# UK to USA Moving Company Recommendation



## felim (Nov 4, 2012)

I am looking to move from UK to USA and will need to move stuff up to about half a container. Wondering if anyone would recommend a moving company or tell me any to avoid.

Thanks


----------



## 2012move (Apr 20, 2012)

felim said:


> I am looking to move from UK to USA and will need to move stuff up to about half a container. Wondering if anyone would recommend a moving company or tell me any to avoid.
> 
> Thanks


Hi, We used Robinsons international back in August and I cannot fault them. Polite and prompt at all times. They packed and unpacked everything for us.
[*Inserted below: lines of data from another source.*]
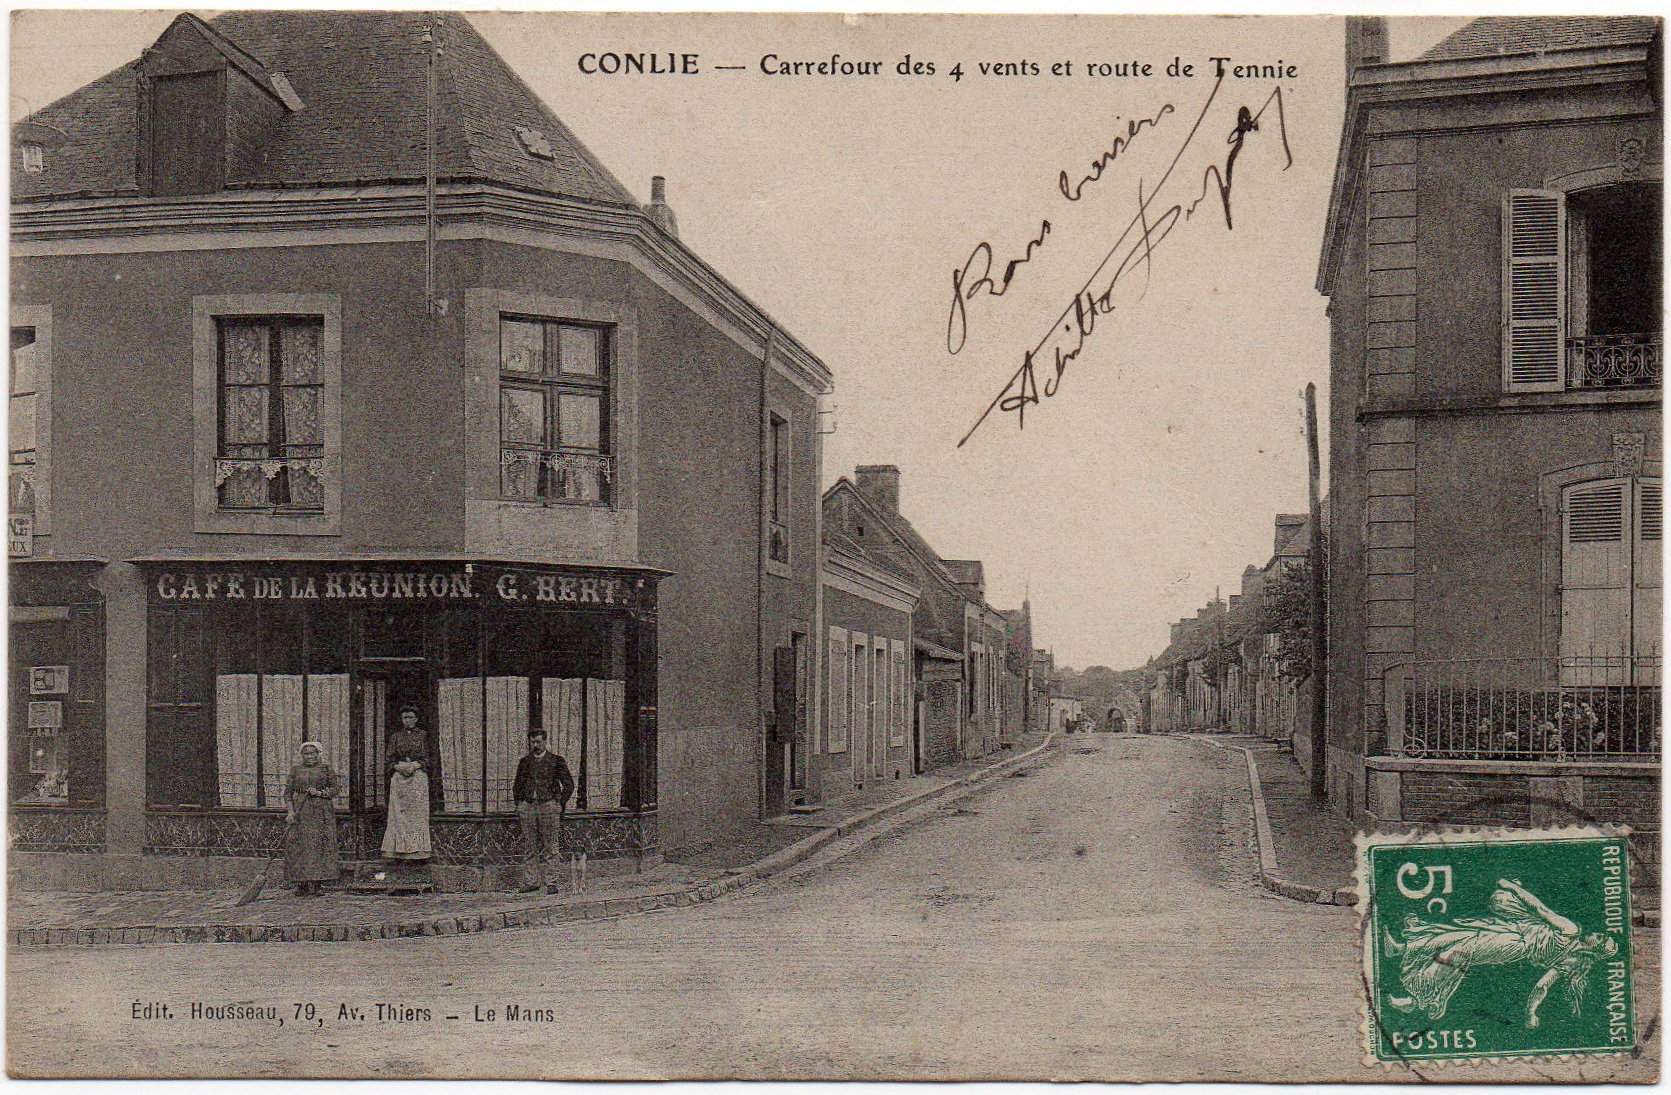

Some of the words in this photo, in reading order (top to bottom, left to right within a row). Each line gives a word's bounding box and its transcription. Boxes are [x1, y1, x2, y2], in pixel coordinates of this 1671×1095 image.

[252, 576, 283, 600] DE
[289, 576, 319, 600] LA
[495, 573, 529, 602] G.
[1602, 844, 1624, 935] REPUBLIQUE
[1605, 960, 1629, 1044] FRANÇAISE
[1392, 1029, 1478, 1050] POSTES
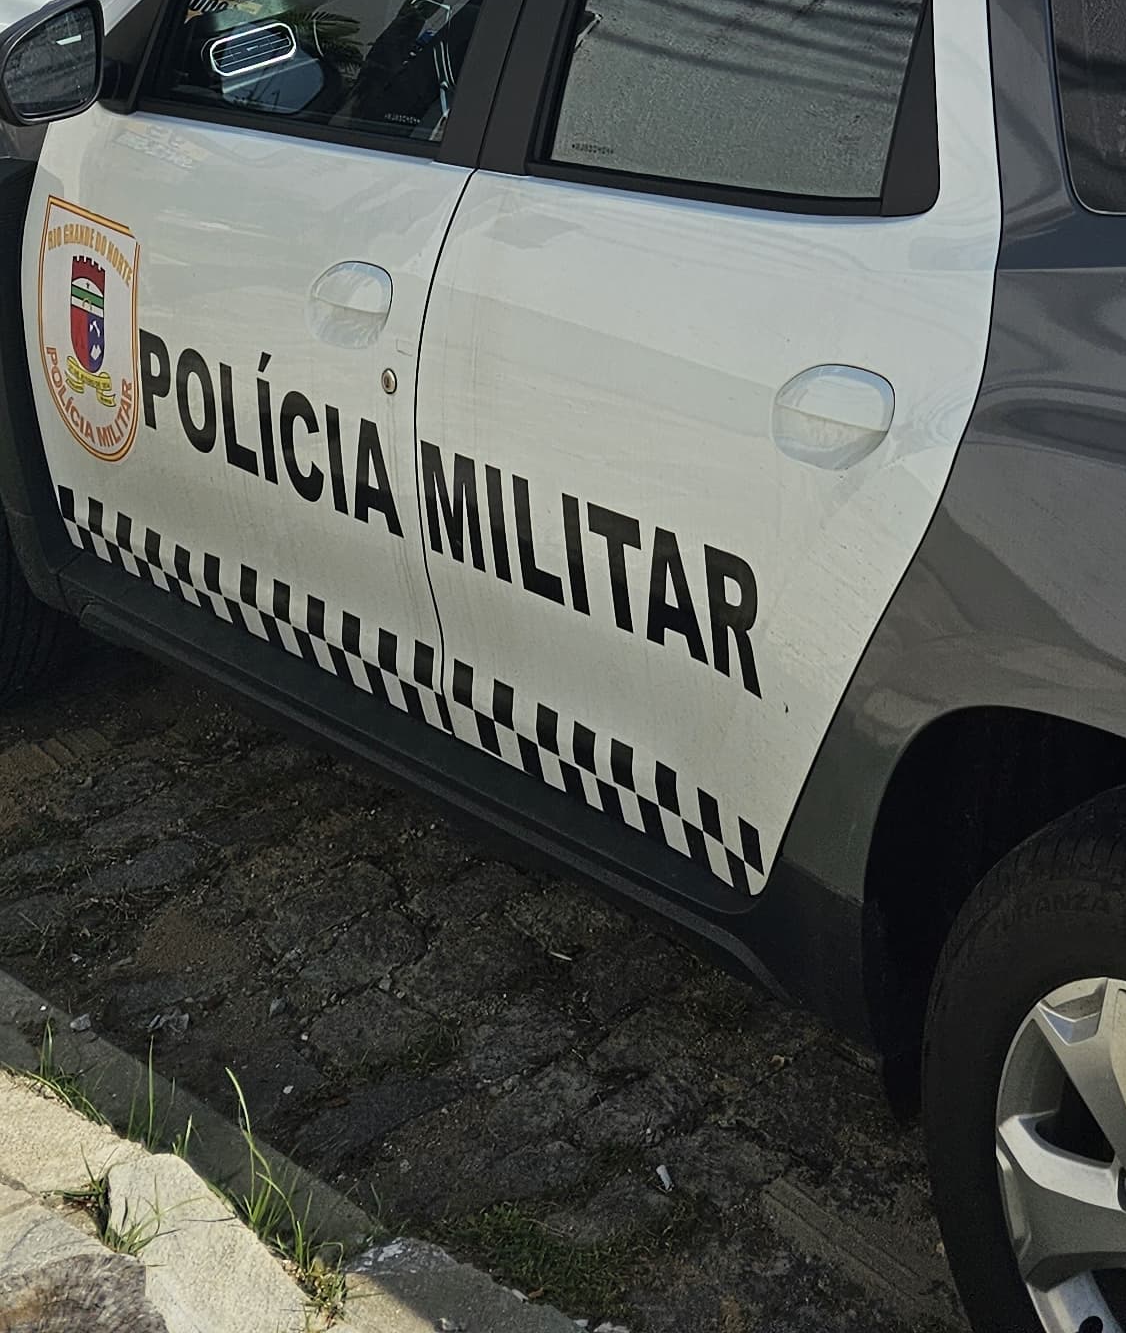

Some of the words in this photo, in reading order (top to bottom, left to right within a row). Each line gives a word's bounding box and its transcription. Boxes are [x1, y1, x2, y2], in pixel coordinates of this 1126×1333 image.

[48, 226, 62, 251] RIO
[63, 223, 95, 249] GRANDE
[94, 231, 107, 257] DO
[106, 241, 132, 288] NORTE
[46, 346, 96, 445] POLÍCIA
[96, 378, 132, 448] MILITAR
[139, 328, 404, 539] POLÍCIA
[420, 439, 762, 700] MILITAR
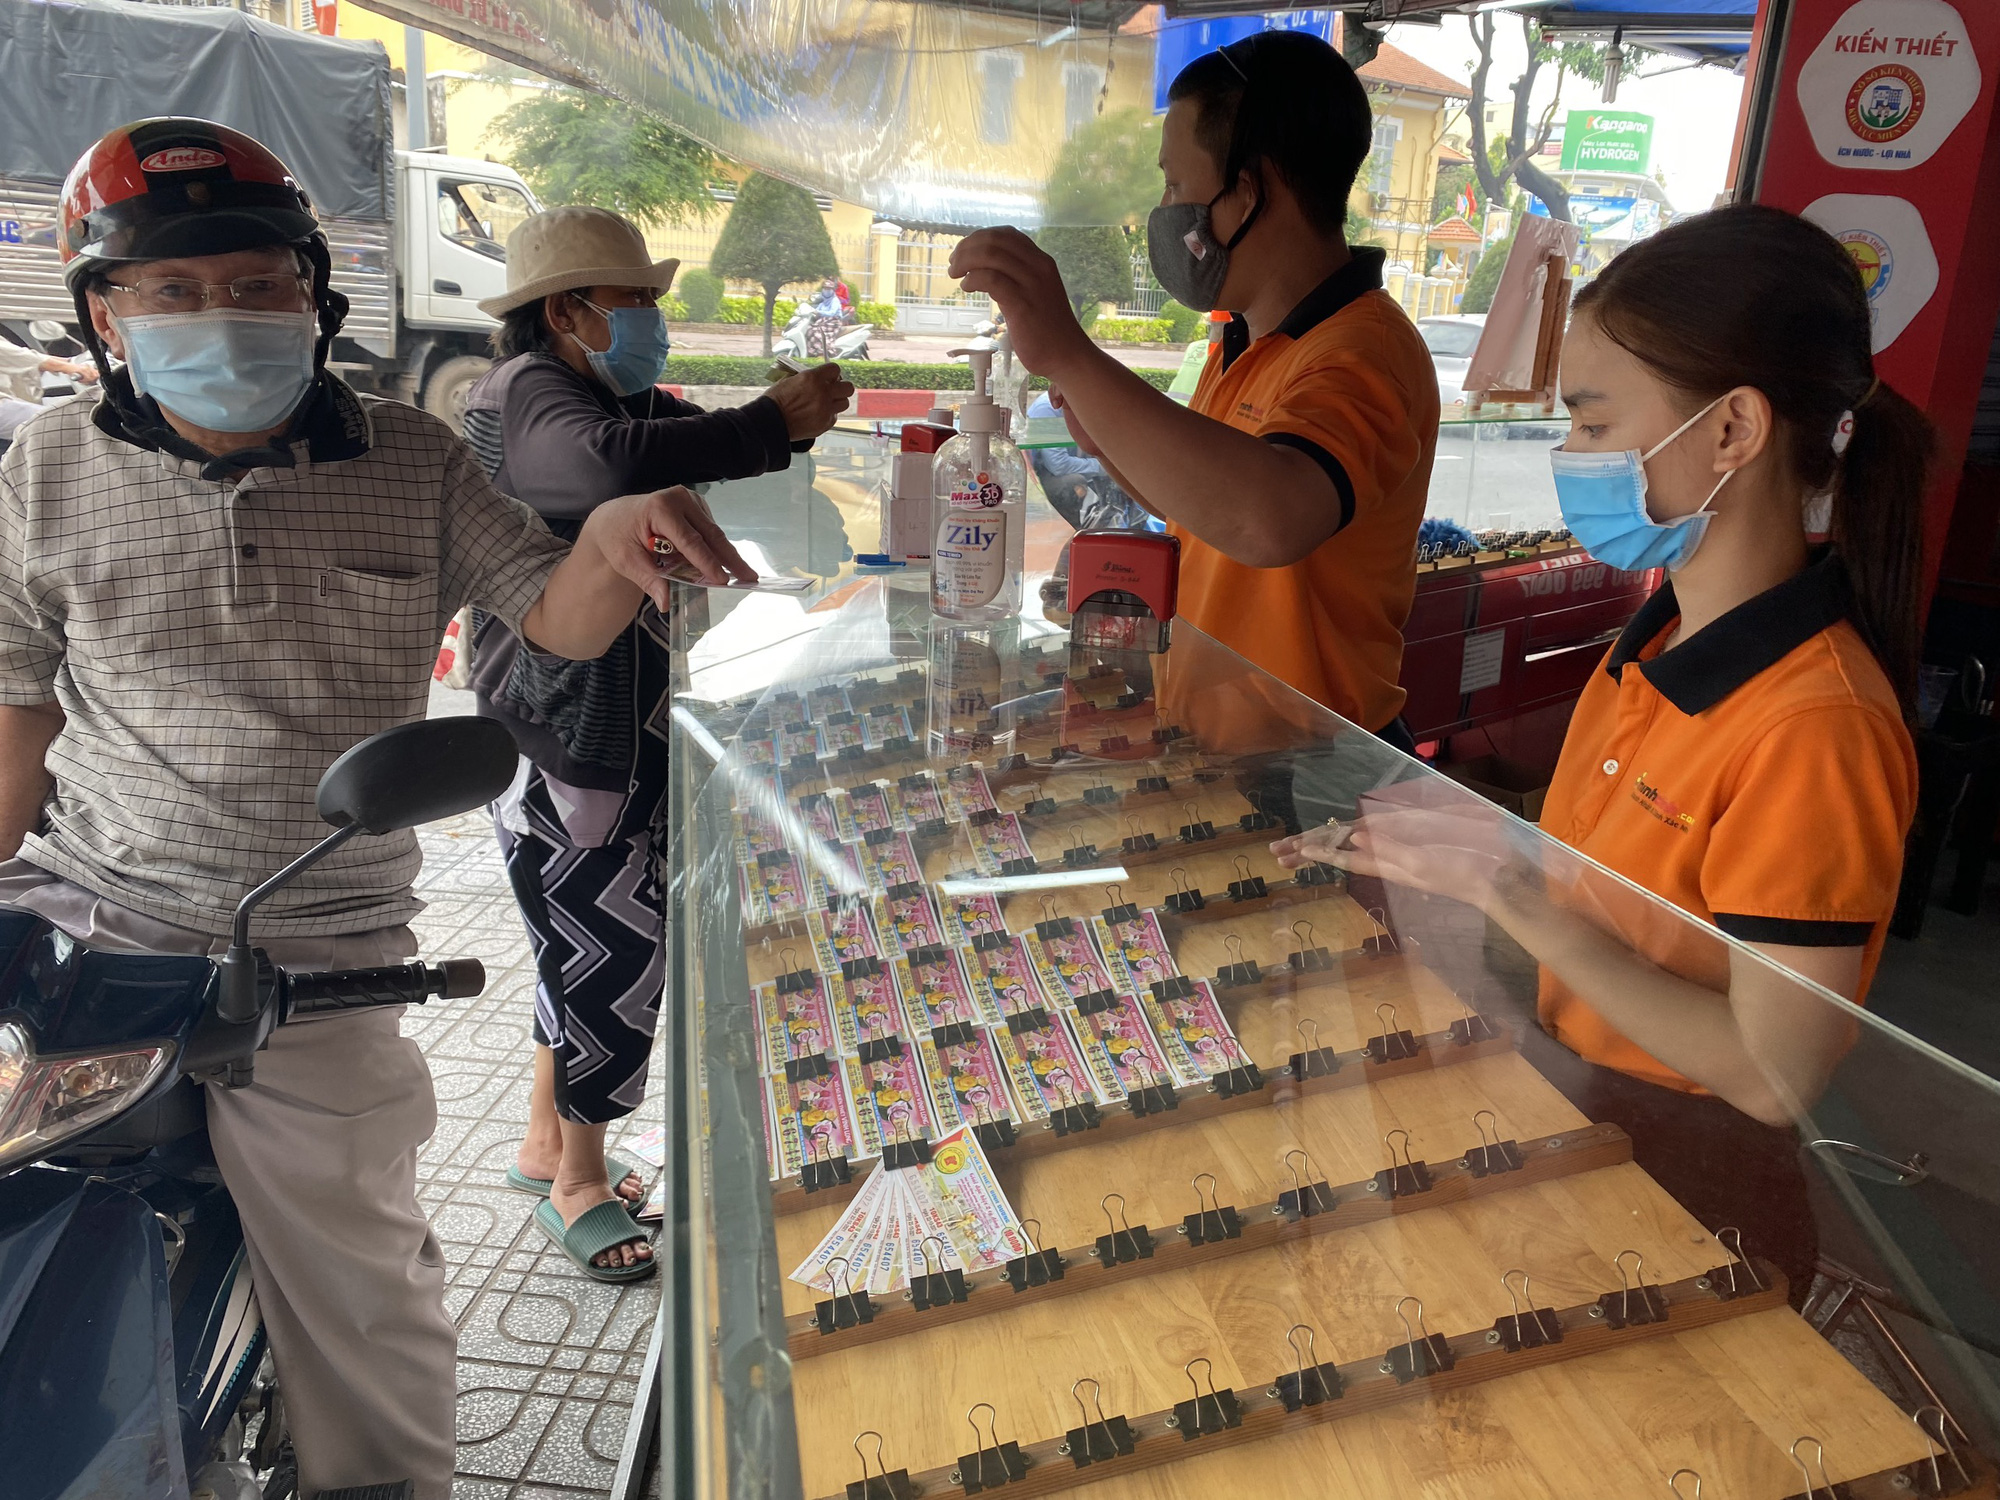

We have two young kids and they considered this when packing, leaving their things 'til last. I would definitely recommend them. 

Good luck


----------



## felim (Nov 4, 2012)

Thanks i will look them up.


----------



## Jobee (Nov 28, 2012)

Hi, we used Pickfords and I wouldn't recommend them to be honest. They packed and stored for 12 months before we shipped our goods over. We had damaged items and also boxes were packed sooo randomly. The items in the box did not match with the labelling. Good luck with the move!


----------



## AmandaL (Feb 20, 2009)

We used Doree Bonner - excellent - would highly recommend... Look for companies accredited with FAIM and FEMA..


----------